4. The Case Has Been Referred to the FBI for Possible Further Charges
Jeremy Skeen was scheduled to appear in court in Overland Park on April 3 at 1 p.m., authorities said in a statement. The Overland Park Police Department said in the statement that the case has been referred to federal authorities for possible additional charges. It is not clear if the case could rise to the level of a hate crime.
“This matter has been referred to the FBI for any further investigation they determine is necessary,” the local police department said. The FBI and the U.S. Attorney’s Office for the District of Kansas did not immediately respond to requests for comment about the case.
5. Hooters Issued a Statement After the Incident Saying the Restaurant ‘Does Not Tolerate Harassment or Discriminatory Language’
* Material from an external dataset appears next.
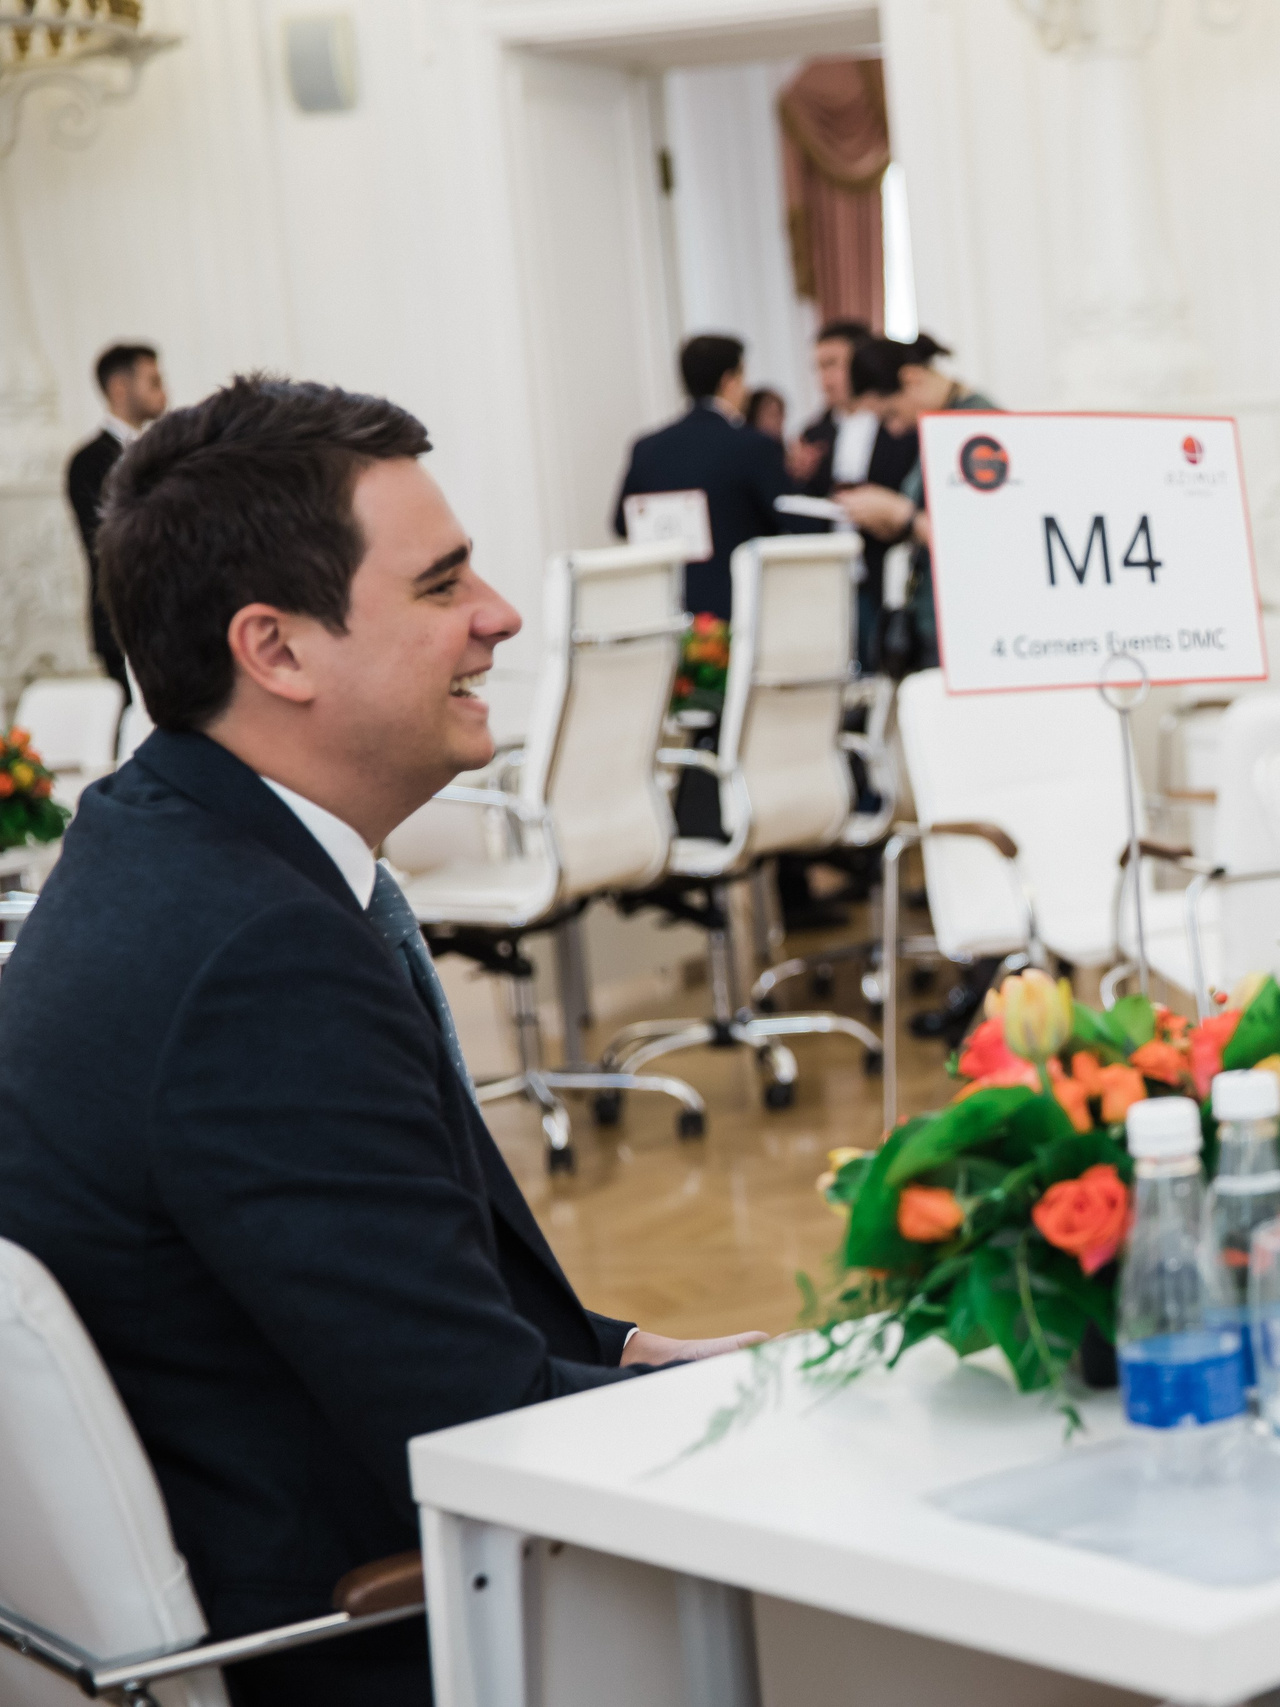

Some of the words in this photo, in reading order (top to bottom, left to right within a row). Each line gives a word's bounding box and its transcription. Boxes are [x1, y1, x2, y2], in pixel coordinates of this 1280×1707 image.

Hooters issued a statement about the incident after it drew headlines around the country.
“Hooters does not tolerate any harassment or discriminatory language, the safety and well-being of our guests and employees are our utmost priorities,” the statement from Hooters of America said. “Of course it goes without saying that our policy is to fully cooperate with any law enforcement investigation.”
The city of Kansas City, Missouri, told the Kansas City Star that it cannot comment on individual personnel or discipline issues. The statement did say that the city, “values diversity and expects all employees to treat others with respect.”
The city’s full statement can be seen below:
While we cannot comment on individual personnel or discipline issues, the City of Kansas City strongly values diversity and expects all employees to treat others with respect. As we build a workplace where everyone is valued, the city provides diversity and harassment training every 2-3 years.
The most recent round of training started in November 2017, and 84% of Fire Department employees have currently completed the training course.
This training is required of all full-time, part-time, seasonal and contract employees. New employees go through this same training course as part of their orientation.
Meanwhile, the city of Overland Park issued a statement to correct rumors that Skeen worked for the fire department in that city.
“Due to some inaccurate reports regarding the employment of Mr. Skeen, it should be noted that he is not, and has never been, an employee of the City of Overland Park or its Fire Department,” Sean Reilly, Overland Park Communications Manager, said in the statement.